BEGIN STUDY MATERIAL
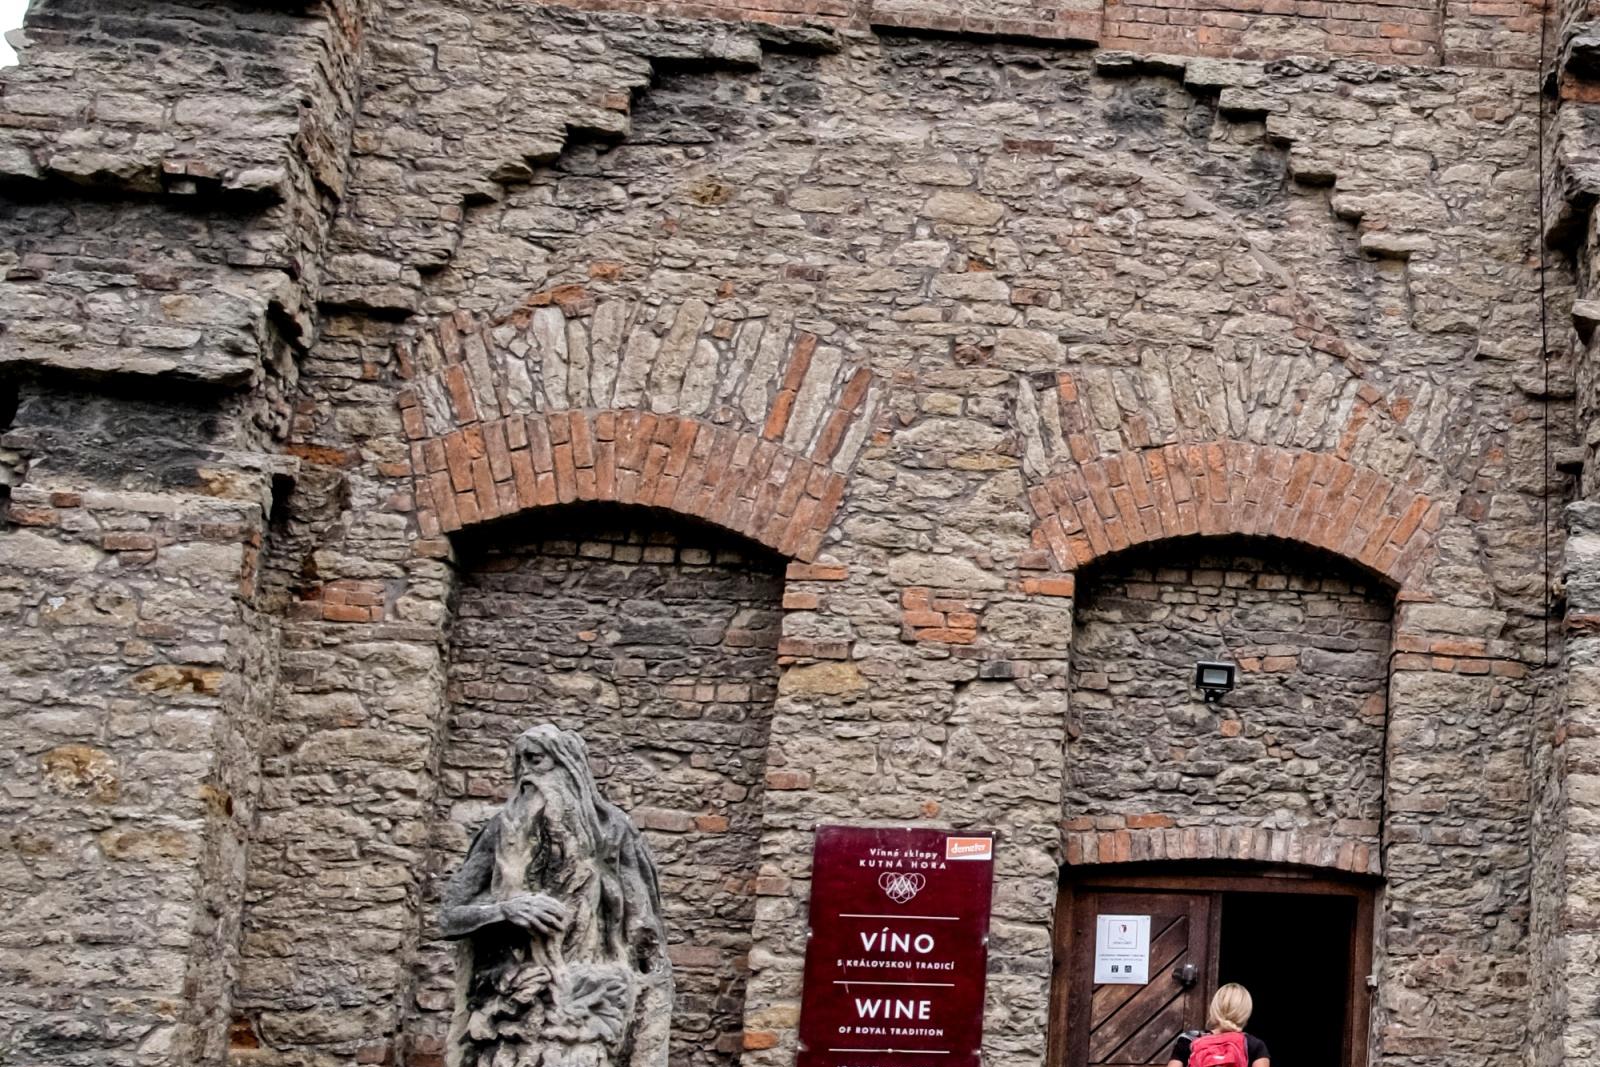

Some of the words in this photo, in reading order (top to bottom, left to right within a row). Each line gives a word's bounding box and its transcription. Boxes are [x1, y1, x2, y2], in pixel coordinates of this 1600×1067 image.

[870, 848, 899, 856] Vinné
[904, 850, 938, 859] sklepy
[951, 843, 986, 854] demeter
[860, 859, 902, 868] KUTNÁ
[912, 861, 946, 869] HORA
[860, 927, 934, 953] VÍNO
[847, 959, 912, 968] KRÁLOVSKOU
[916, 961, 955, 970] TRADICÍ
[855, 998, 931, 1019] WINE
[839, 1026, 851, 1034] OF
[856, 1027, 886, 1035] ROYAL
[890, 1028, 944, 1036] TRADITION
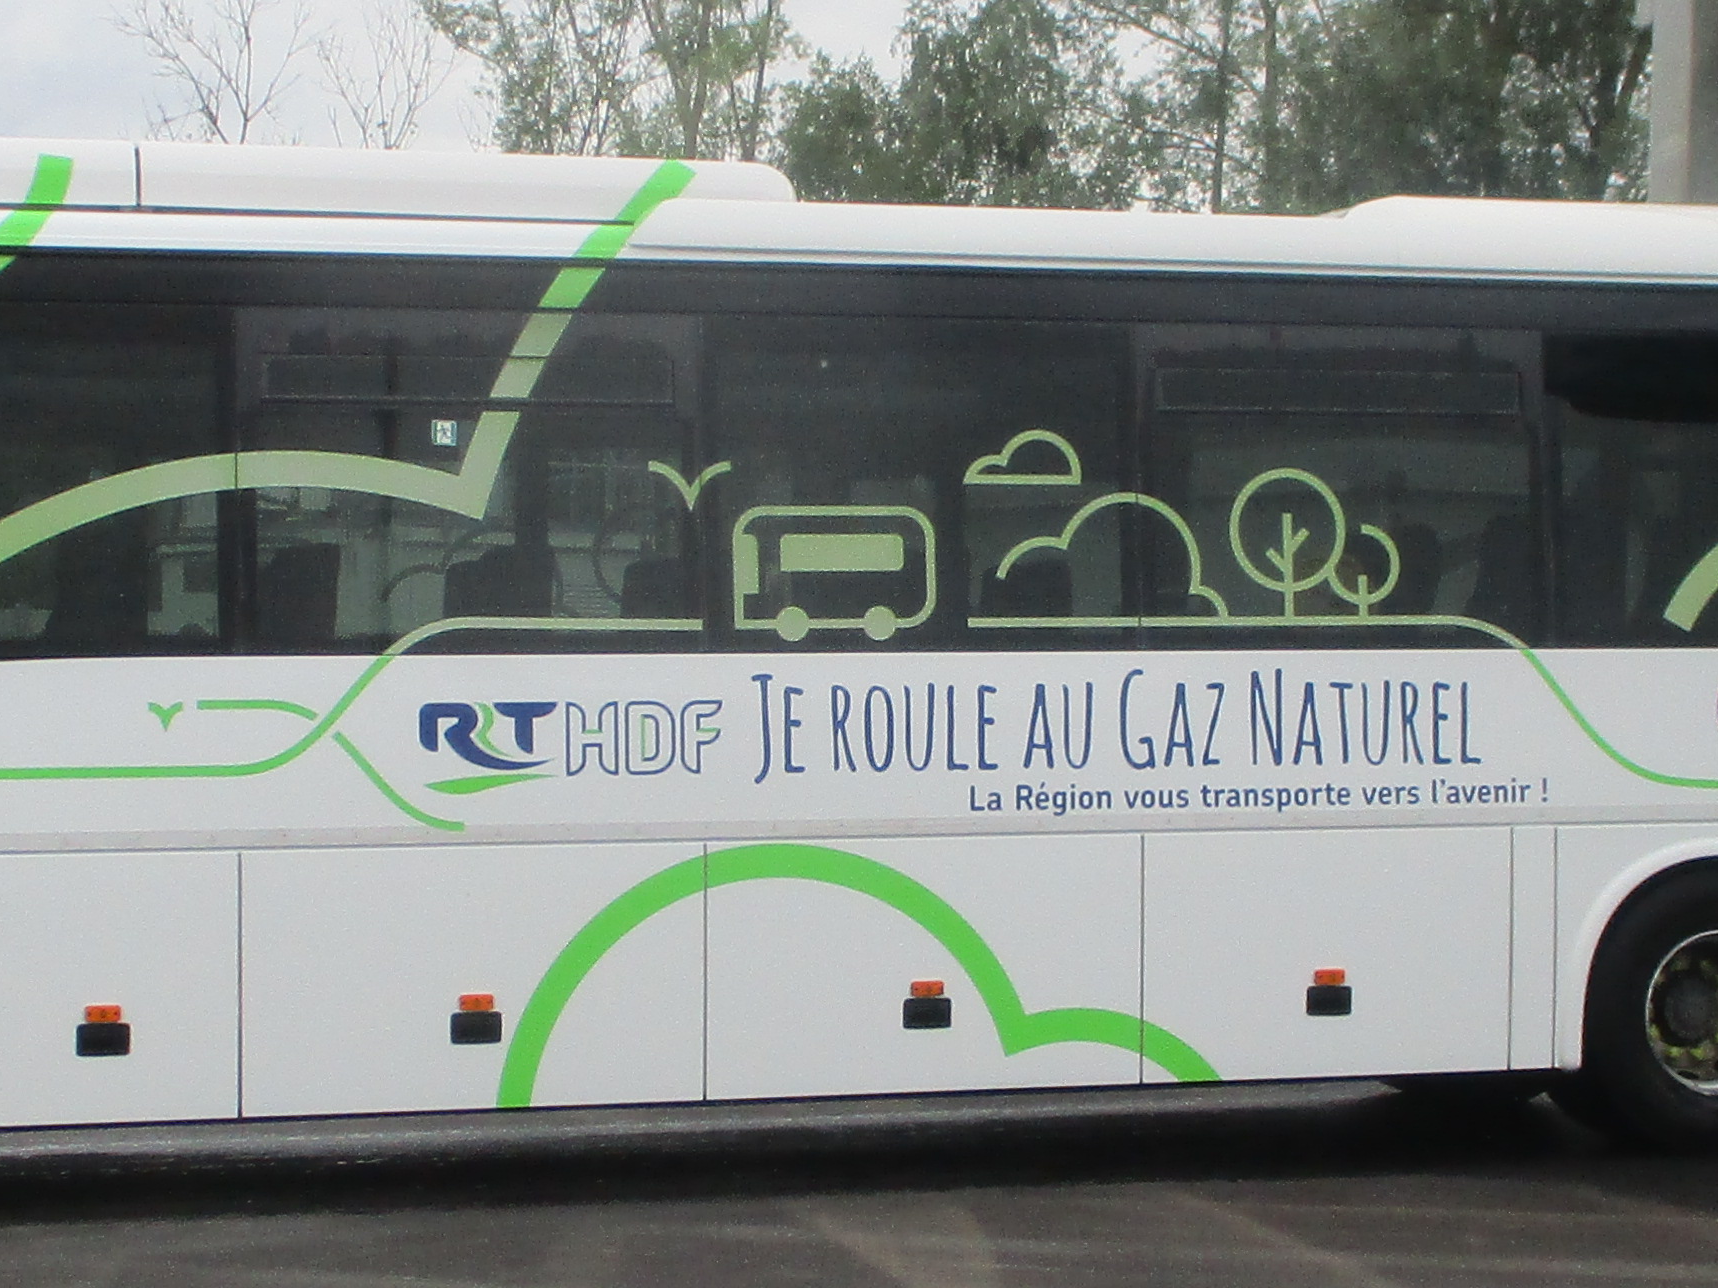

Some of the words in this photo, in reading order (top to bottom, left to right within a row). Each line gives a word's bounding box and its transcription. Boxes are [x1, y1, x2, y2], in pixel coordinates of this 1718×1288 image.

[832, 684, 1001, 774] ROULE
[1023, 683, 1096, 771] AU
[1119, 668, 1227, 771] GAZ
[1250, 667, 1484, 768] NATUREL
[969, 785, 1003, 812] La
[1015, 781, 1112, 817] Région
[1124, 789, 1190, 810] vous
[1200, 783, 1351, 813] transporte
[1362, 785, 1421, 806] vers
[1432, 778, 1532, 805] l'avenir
END STUDY MATERIAL
* TASK GOAL
Without including any pictures, return every line of the records exactly.

* COMPLETED EXERCISE
Some of the words in this photo, in reading order (top to bottom, left to right within a row). Each line gives a word's bounding box and its transcription. Boxes are [x1, y1, x2, y2], in pixel coordinates of this 1600×1067 image.

[870, 848, 899, 856] Vinné
[904, 850, 938, 859] sklepy
[951, 843, 986, 854] demeter
[860, 859, 902, 868] KUTNÁ
[912, 861, 946, 869] HORA
[860, 927, 934, 953] VÍNO
[847, 959, 912, 968] KRÁLOVSKOU
[916, 961, 955, 970] TRADICÍ
[855, 998, 931, 1019] WINE
[839, 1026, 851, 1034] OF
[856, 1027, 886, 1035] ROYAL
[890, 1028, 944, 1036] TRADITION

Some of the words in this photo, in reading order (top to bottom, left to right within a row). Each line gives a word's bounding box and its transcription. Boxes are [x1, y1, x2, y2], in pixel coordinates of this 1718×1288 image.

[832, 684, 1001, 774] ROULE
[1023, 683, 1096, 771] AU
[1119, 668, 1227, 771] GAZ
[1250, 667, 1484, 768] NATUREL
[969, 785, 1003, 812] La
[1015, 781, 1112, 817] Région
[1124, 789, 1190, 810] vous
[1200, 783, 1351, 813] transporte
[1362, 785, 1421, 806] vers
[1432, 778, 1532, 805] l'avenir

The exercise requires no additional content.